A coordenadora do Movimento Unido dos Camelôs (Muca), Maria de Lourdes do Carmo, conhecida como Maria dos Camelôs, afirmou que a categoria apoia o combate às irregularidades, mas considera urgente ampliar a regularização dos trabalhadores.

Segundo ela, existem pessoas cadastradas desde 2009 esperando autorização para atuar legalmente.

Ela defende que a concessão das licenças seja feita por CPF, evitando que empresários ocupem diversos pontos utilizando trabalhadores informais.

Maria também declarou que o movimento pretende solicitar uma reunião diretamente com o prefeito, argumentando que a política pública para o setor deve ser discutida no mais alto nível da administração municipal.

Prefeitura afirma que foco é combater o crime organizado

A prefeitura sustenta que o programa foi criado após levantamentos de inteligência identificarem aproximadamente mil pontos explorados ilegalmente na orla carioca.

Também foram localizados 22 depósitos clandestinos utilizados para abastecer esse comércio.

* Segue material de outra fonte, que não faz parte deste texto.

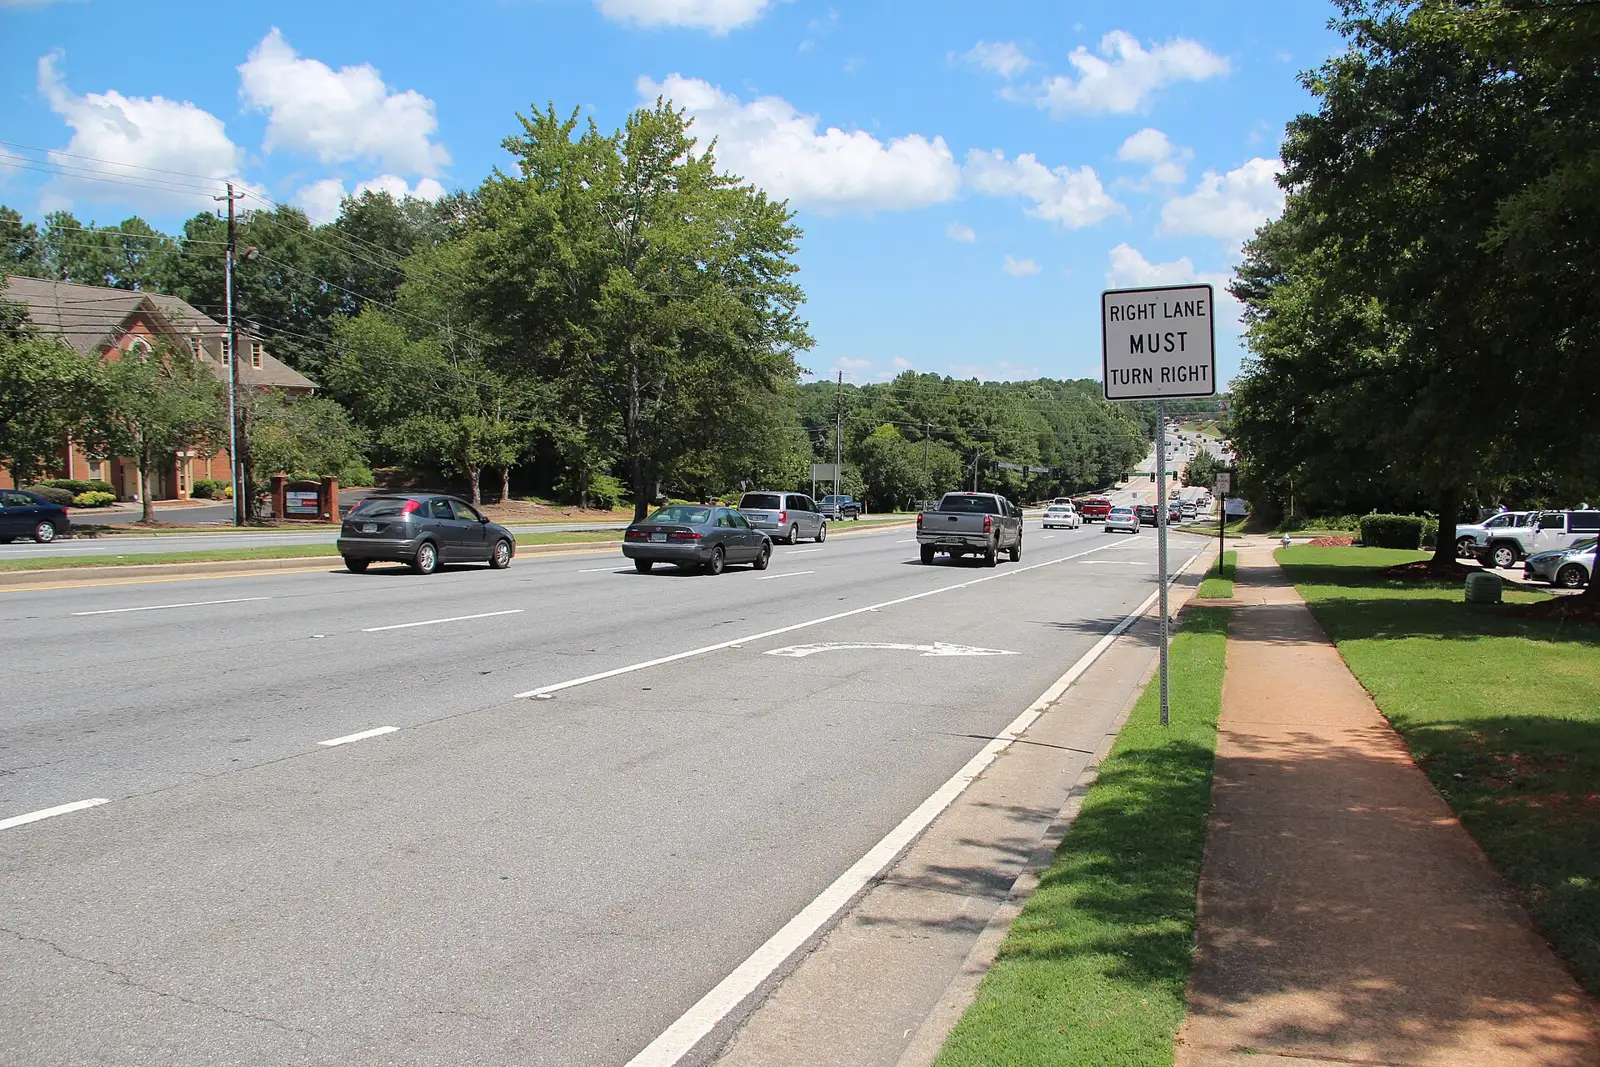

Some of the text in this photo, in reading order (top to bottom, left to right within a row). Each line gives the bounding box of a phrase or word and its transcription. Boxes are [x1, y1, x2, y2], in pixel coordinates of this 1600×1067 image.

[1110, 300, 1206, 322] RIGHT LANE
[1130, 332, 1187, 354] MUST
[1110, 365, 1208, 385] TURN RIGHT

Segundo estimativas do município, a estrutura movimentaria cerca de R$ 100 milhões por ano.

O decreto estabelece que mercadorias poderão ser apreendidas quando não houver documentação que comprove sua origem legal.

A devolução dependerá da apresentação da documentação exigida pela legislação municipal.

A administração municipal também afirma que os ambulantes regularmente autorizados continuarão trabalhando normalmente e que pretende ampliar alternativas de regularização, além de oferecer programas de qualificação profissional e encaminhamento para vagas de emprego.

A prefeitura estima que o comércio irregular investigado movimente cerca de R$ 100 milhões por ano e envolva aproximadamente mil pontos de venda ilegais.